The oxford fellow, p.30
The Oxford Fellow, page 30
‘Well—ah, well—well, if you really want …’
Denton wound up buying him a pint, found him a rather bitter man for such a young one, already walled in on all sides by the desire to rise ‘in the town’, meaning the town government, and already aged by it. Denton suggested he give it up and go somewhere else. David Fletcher looked at him as if he were mad. ‘Easy to say, the devil to do,’ he muttered, and he finished his pint and thanked Denton and disappeared into the quiet warmth of a Taunton street. Denton thought of Jonas’s saying ‘Come home, Father,’ thought it sprang from the same strangling parochialism as Fletcher’s.
Could there be more than one Ifan Gurra? Denton laughed so loud that somebody on the street looked at him. No, there could be only one, but how in the world had he got from a farm in Cheddar’s ‘rich lower lands’ to the senior common room of an Oxford college?
In the morning, he started back towards London. He was waiting on the platform for the first train that would take him to Bristol. The air in the train shed was not very summery, yet there was a smell of the farms and the fields laid over the smell of coal smoke and oil. Another man waiting there must have noticed his inhaling that air, for he said—rare for an Englishman, but they were friendlier in Somerset than in London—‘You should be here in strawberry season. You can smell them, even up here.’

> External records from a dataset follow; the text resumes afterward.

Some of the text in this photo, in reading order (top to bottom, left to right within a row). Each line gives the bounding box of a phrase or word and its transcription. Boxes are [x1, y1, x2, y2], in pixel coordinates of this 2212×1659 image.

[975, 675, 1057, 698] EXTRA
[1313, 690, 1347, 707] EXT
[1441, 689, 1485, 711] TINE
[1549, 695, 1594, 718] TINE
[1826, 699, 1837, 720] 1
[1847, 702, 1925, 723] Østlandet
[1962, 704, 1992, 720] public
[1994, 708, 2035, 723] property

‘I thought it was all cows and hay.’
The man laughed. ‘When we get up towards Cheddar, look down to the left side of the train where the land slopes down to the gorge. That’s all strawberry fields in season—the blossoms look like snow sometimes. It’s a great time for the young people to be out picking the berries. Hundreds of people. Lots of babies nine months later.’ He laughed. ‘The cows and hay are on the other side.’

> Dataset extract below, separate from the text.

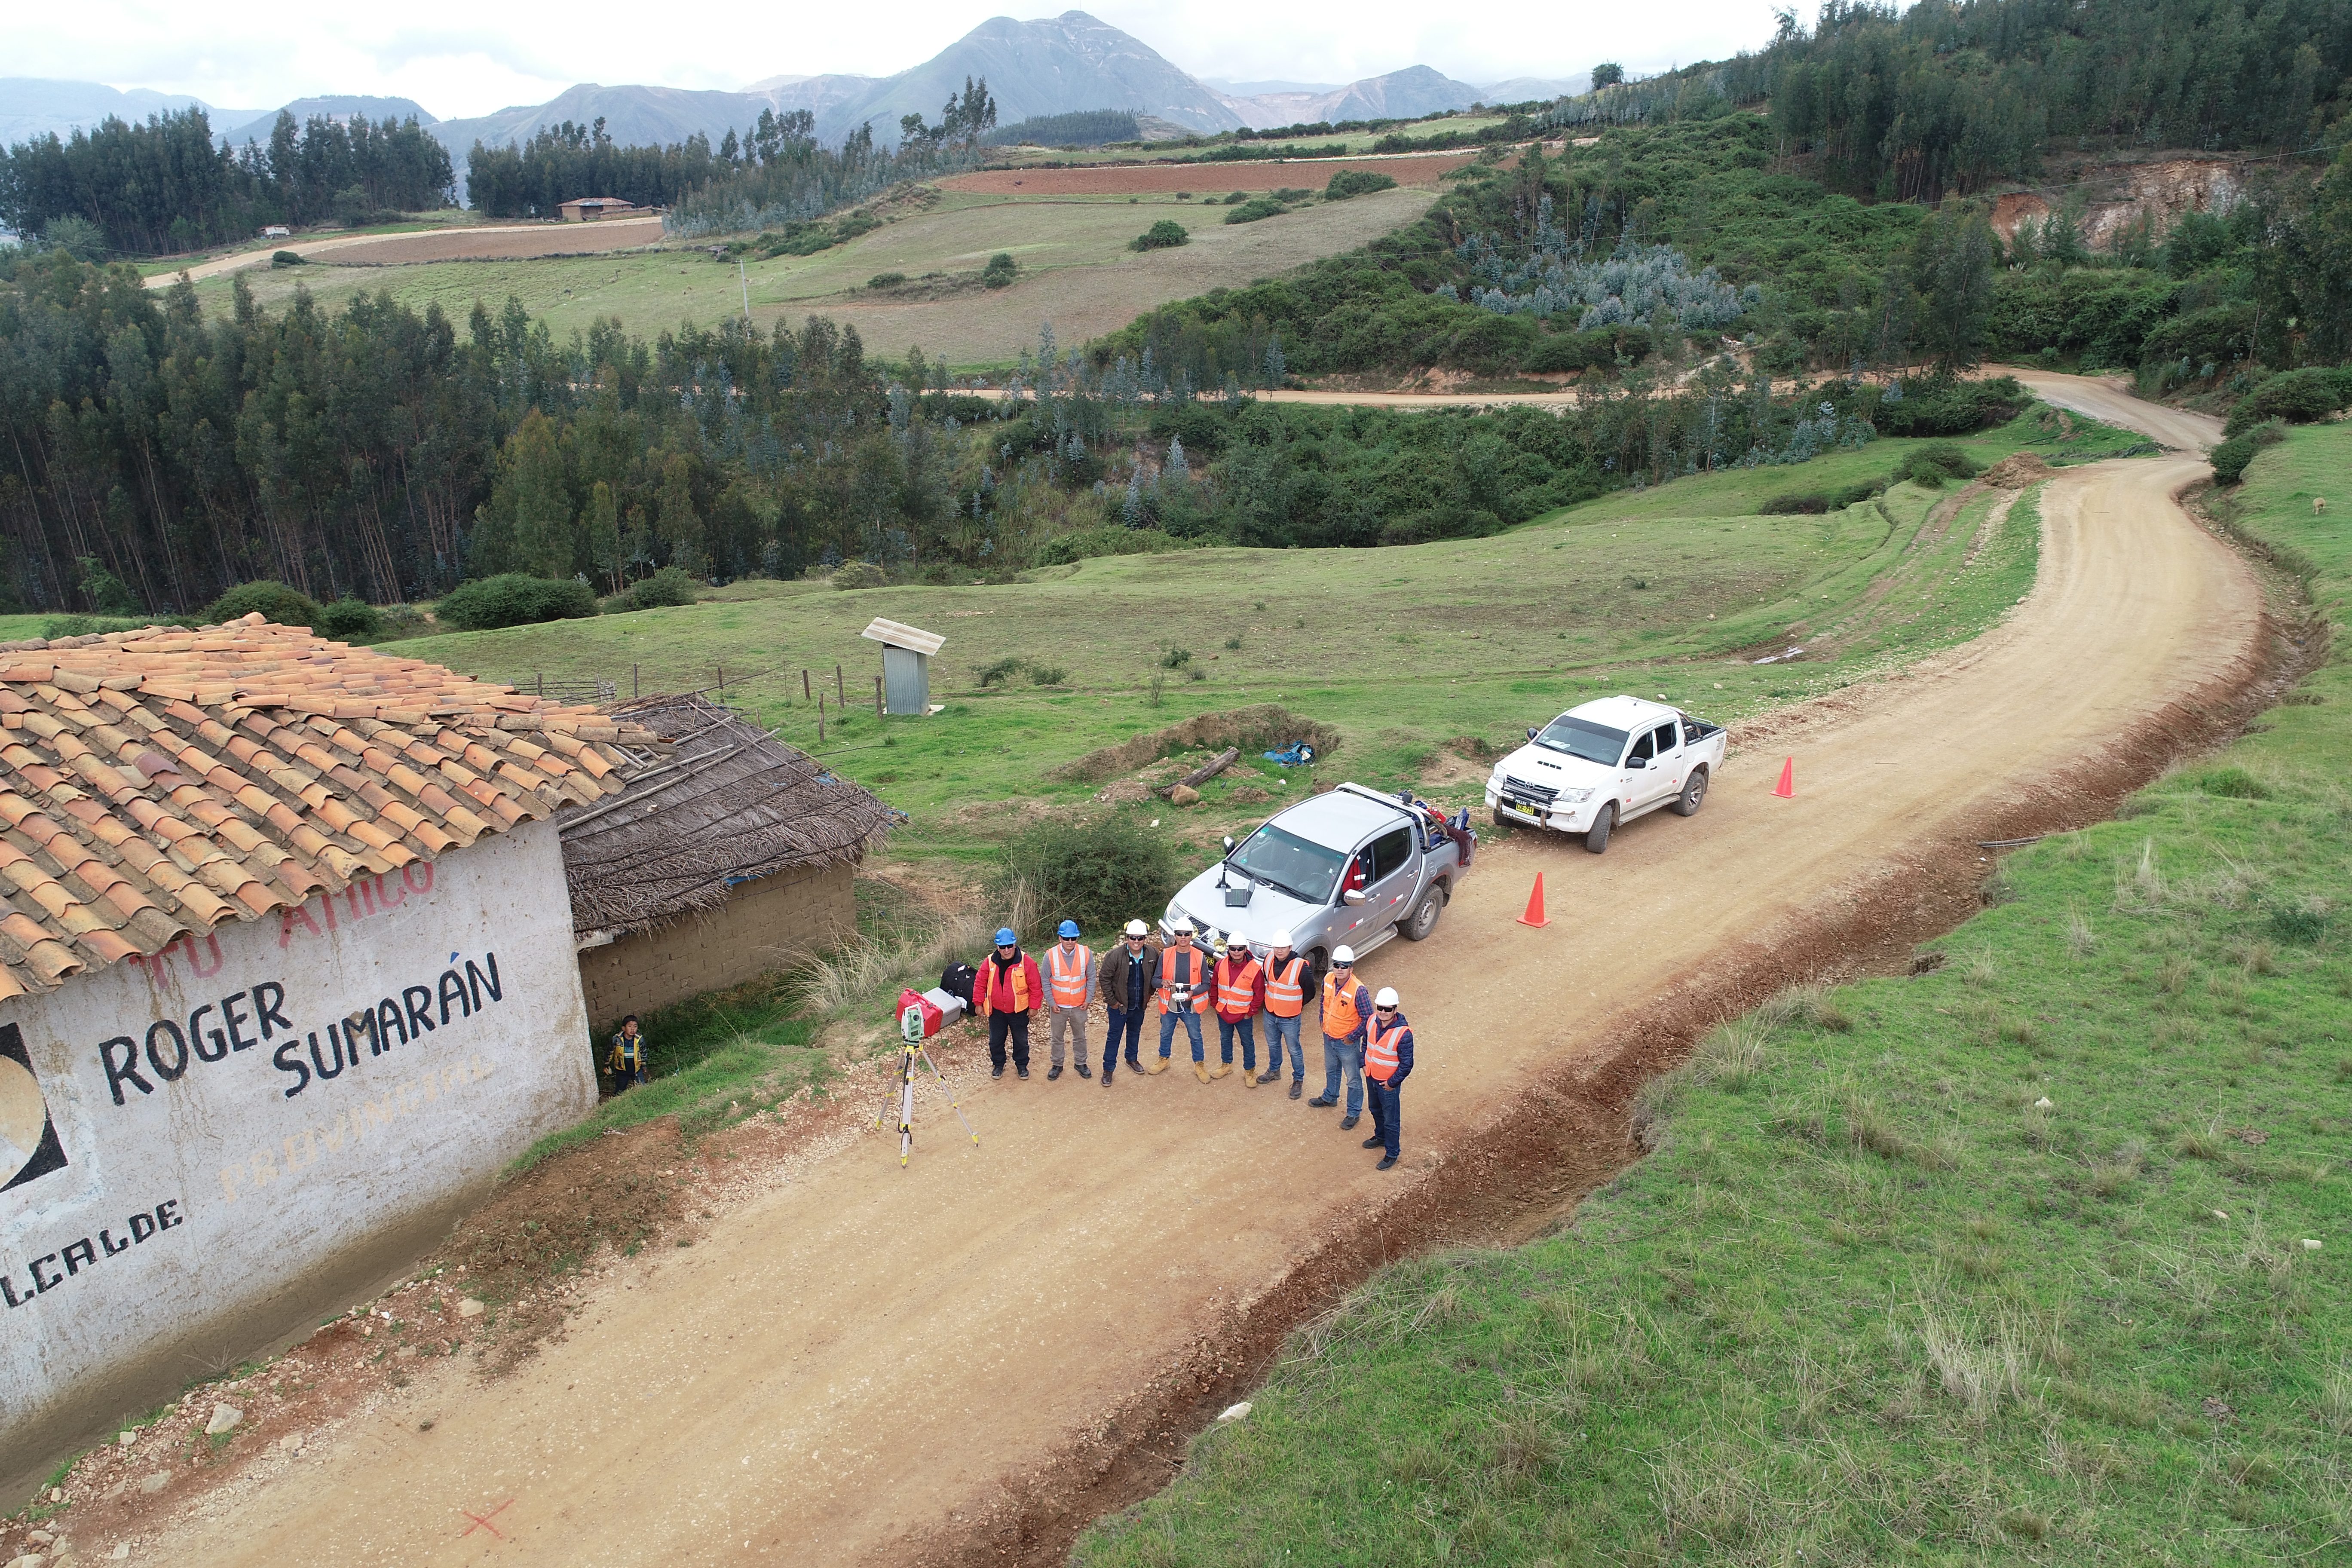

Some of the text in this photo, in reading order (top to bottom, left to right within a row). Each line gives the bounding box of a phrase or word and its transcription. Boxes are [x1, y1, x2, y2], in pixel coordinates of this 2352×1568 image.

Denton watched as they rushed north. He got up and sat on the left side after Cheddar, then went back to the right side to watch the haying. It made him not nostalgic but sombre, thinking of what he’d left behind. All lives left things behind, his more than most. It was like Alice Lees and her children, boys left with their half-brothers, the girls somewhere that was not their home. Alice and her daughters, and Denton and his sons. He and Alice Lees were not so different in that. He had left his homeland and lived alone in London. She had tried living with one of her daughters in Canterbury but had gone back to that unhappy house to live alone.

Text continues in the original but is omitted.